They felt that the actual reading content of sessions was low; the main focus being on keeping 
children engaged through fun activities, and, on many occasions, managing behaviour. 


No unintended consequences or negative effects of the intervention were mentioned by deliverers’ 
interviews, nor were they observed in the sessions. 


Scalability 


While interviewees felt that Chatterbooks would generally be popular with schools and would be 
successful in a wider roll-out, there are some practical issues to mention. 


Resources 


The sessions tended to be quite resource intensive; Chatterbooks Plus deliverers mentioned making 
lots of resources and games by hand and doing lots of creative activities involving craft materials. For 
the research project, deliverers were provided with the resources they required, although this differed 
between the two versions of the intervention. For Chatterbooks deliverers there seemed to be an 
almost limitless choice of resources, with no mention of a budget, whereas Chatterbooks Plus found 
resources not to be forthcoming and paid for some themselves. A wider roll-out would, clearly, not 
come with the same budget for any resource that could be needed, which could make it less attractive 
to schools. 


Time 


The other key issue in terms of the potential popularity of Chatterbooks and/or Chatterbooks Plus is 
the preparation time needed. In all interviews, the deliverers, who worked full time on the project, 
emphasised the huge amount of time that it took in order to prepare for a week’s worth of sessions — 
something that teachers would not have. 


Proactivity 


Implementation would require enthusiasm and organisation from schools in order to make the 
programme work without the assistance of an external agency.
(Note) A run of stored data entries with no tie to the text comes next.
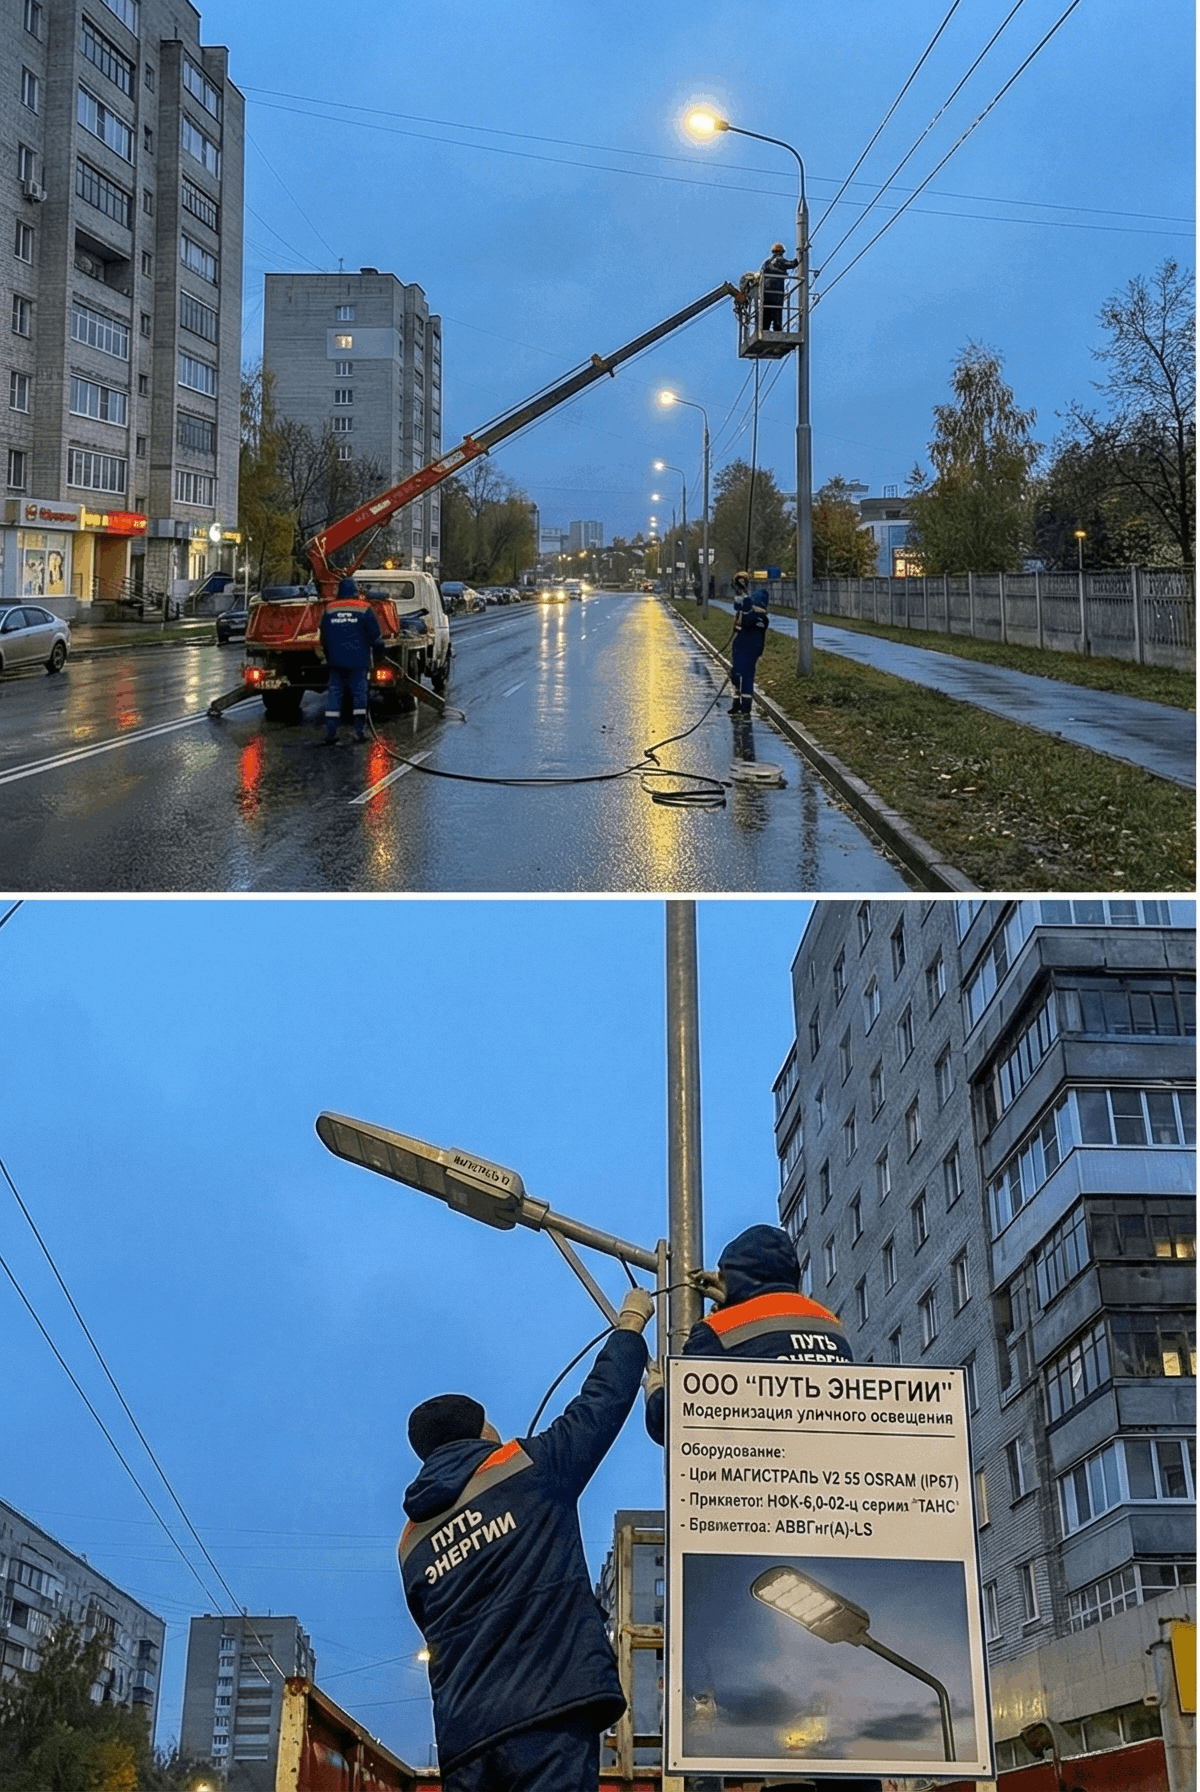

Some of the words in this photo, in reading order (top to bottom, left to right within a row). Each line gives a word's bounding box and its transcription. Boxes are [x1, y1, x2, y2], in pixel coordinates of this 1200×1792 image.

[790, 1333, 838, 1351] ПУТЬ
[683, 1372, 738, 1395] ООО
[828, 1378, 952, 1402] ЭНЕРГИИ"
[682, 1402, 793, 1421] Модернизация
[797, 1408, 867, 1424] уличного
[870, 1411, 953, 1426] освещения
[721, 1467, 819, 1484] МАГИСТРАЛЬ
[822, 1470, 840, 1485] V2
[844, 1471, 860, 1485] 55
[864, 1472, 916, 1487] OSRAM
[920, 1474, 959, 1492] (IP67)
[431, 1509, 483, 1553] ПУТЬ
[424, 1511, 517, 1585] ЭНЕРГИИ
As quality of session planning may not 
be monitored in the same way, delivery in schools could be much more variable. 


Teachers 


Passion for books and reading as a key requirement for delivering Chatterbooks/Plus was evident 
throughout the process evaluation activities. If Chatterbooks/Plus was rolled out more widely in 
schools, there is no guarantee that teachers (who would be delivering it) would value it in the same 
way; however, delivery by teachers could be positive in terms of behaviour management. In this trial, 
research assistants delivered the intervention.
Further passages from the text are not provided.